According to the Associated Press, Hall’s lawyers today refuted both prosecutors’ and media accounts that have implied that the former superintendent’s half a million dollars in bonuses over a decade were based on test scores in the district. “This is false information or at best misleading since it aggregates Dr. Hall’s approximate bonuses over some ten years,” the lawyers’ statement said, according to the AP. “In any given year, Dr. Hall’s bonus was a small fraction of this amount and was tied to 25 or more performance objectives established by the Atlanta Board of Education.”

In an interview with Education Week last month, David J. Bailey, one of Hall’s lawyers, said that the former superintendent is innocent of all charges.

A judge has put Hall and 34 other former Atlanta educators who were indicted in the cheating scheme under a gag order. All the defendants are set to be arraigned on May 3.
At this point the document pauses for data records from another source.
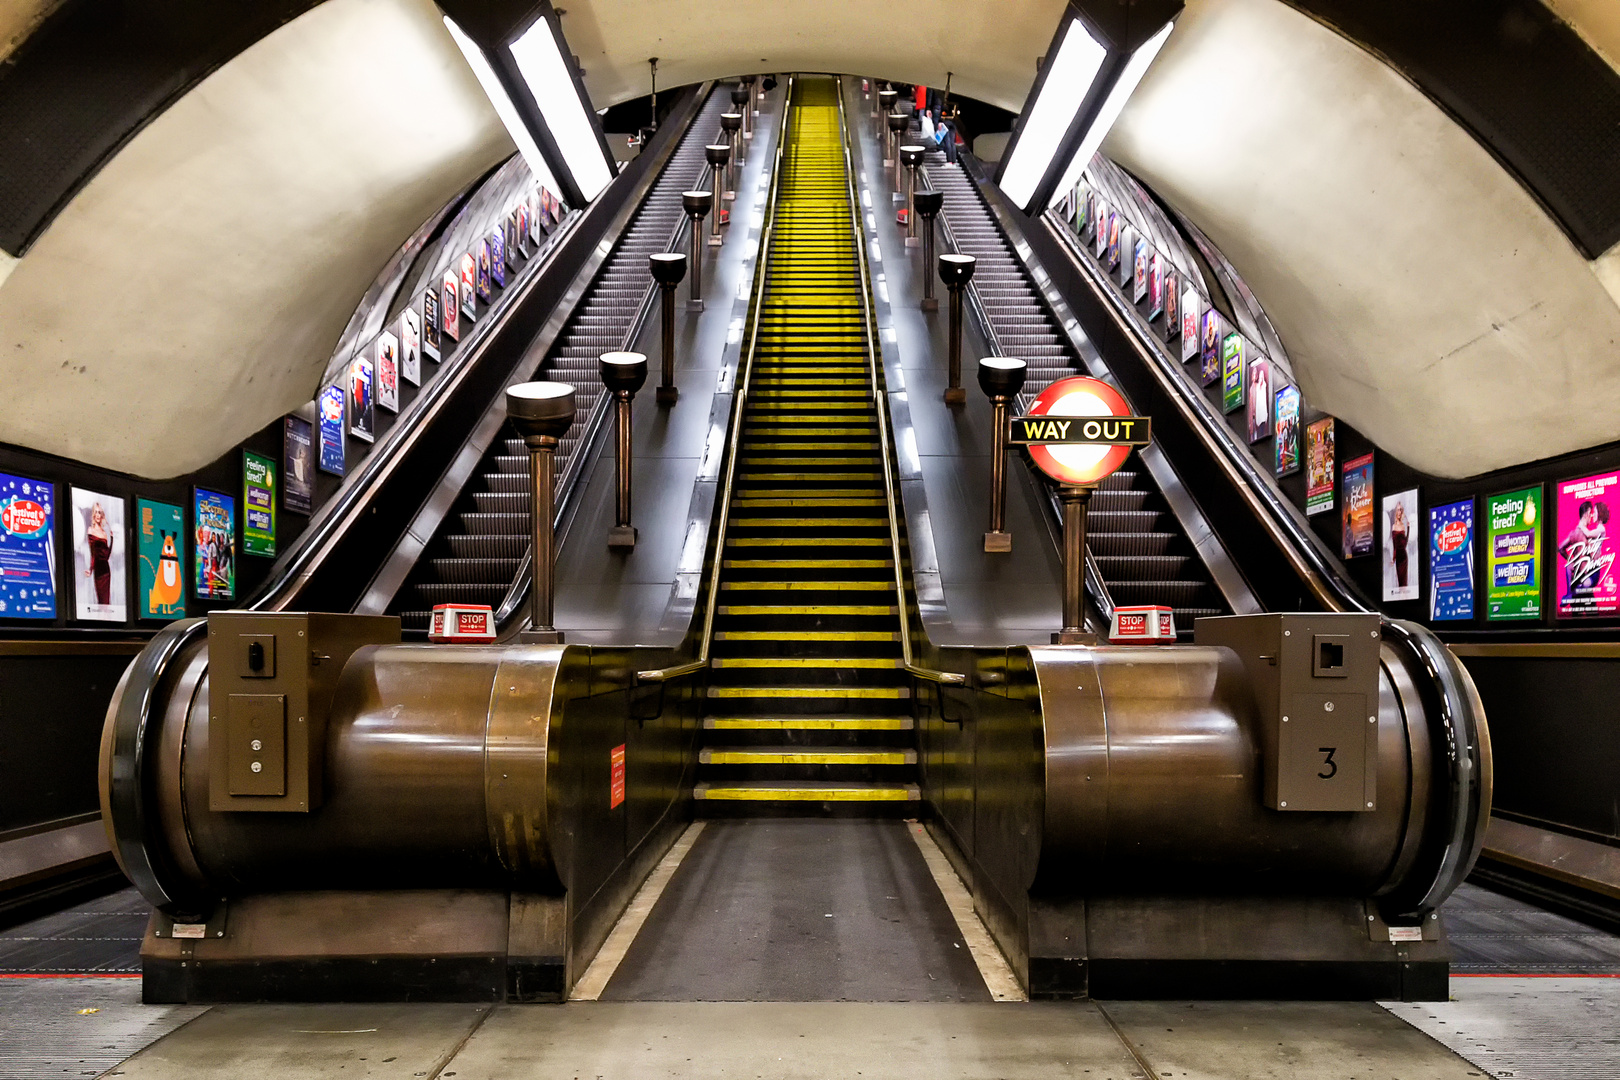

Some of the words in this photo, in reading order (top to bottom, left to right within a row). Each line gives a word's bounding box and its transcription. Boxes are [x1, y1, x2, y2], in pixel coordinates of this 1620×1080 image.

[1024, 421, 1071, 439] WAY
[1083, 421, 1134, 439] OUT
[246, 458, 266, 476] Feeling
[246, 471, 262, 483] tired?
[1492, 499, 1523, 515] Feeling
[1493, 513, 1517, 530] tired?
[1498, 535, 1529, 548] wellwoman
[1508, 544, 1528, 553] ENERGY
[1564, 533, 1610, 567] Dirty
[1570, 547, 1616, 587] Dancing
[1507, 575, 1527, 584] ENERGY
[461, 614, 484, 624] STOP
[1121, 616, 1143, 625] STOP
[1317, 747, 1337, 779] 3
In the meantime this week, Atlanta students will begin taking Georgia’s Criterion-Referenced Competency Test, the annual standardized test in reading and mathematics, under the tightest security measures the district has ever used, according to the Atlanta Journal-Constitution. Test booklets are sealed and locked in “safe rooms,” which only test coordinators or principals can access. Monitors selected by the district will be in schools on test days to watch out for any testing improprieties and answer sheets will be placed inside envelopes and sealed with tamper-proof tape each day. Live video streams will also feed footage of the school-based safe rooms to the central office.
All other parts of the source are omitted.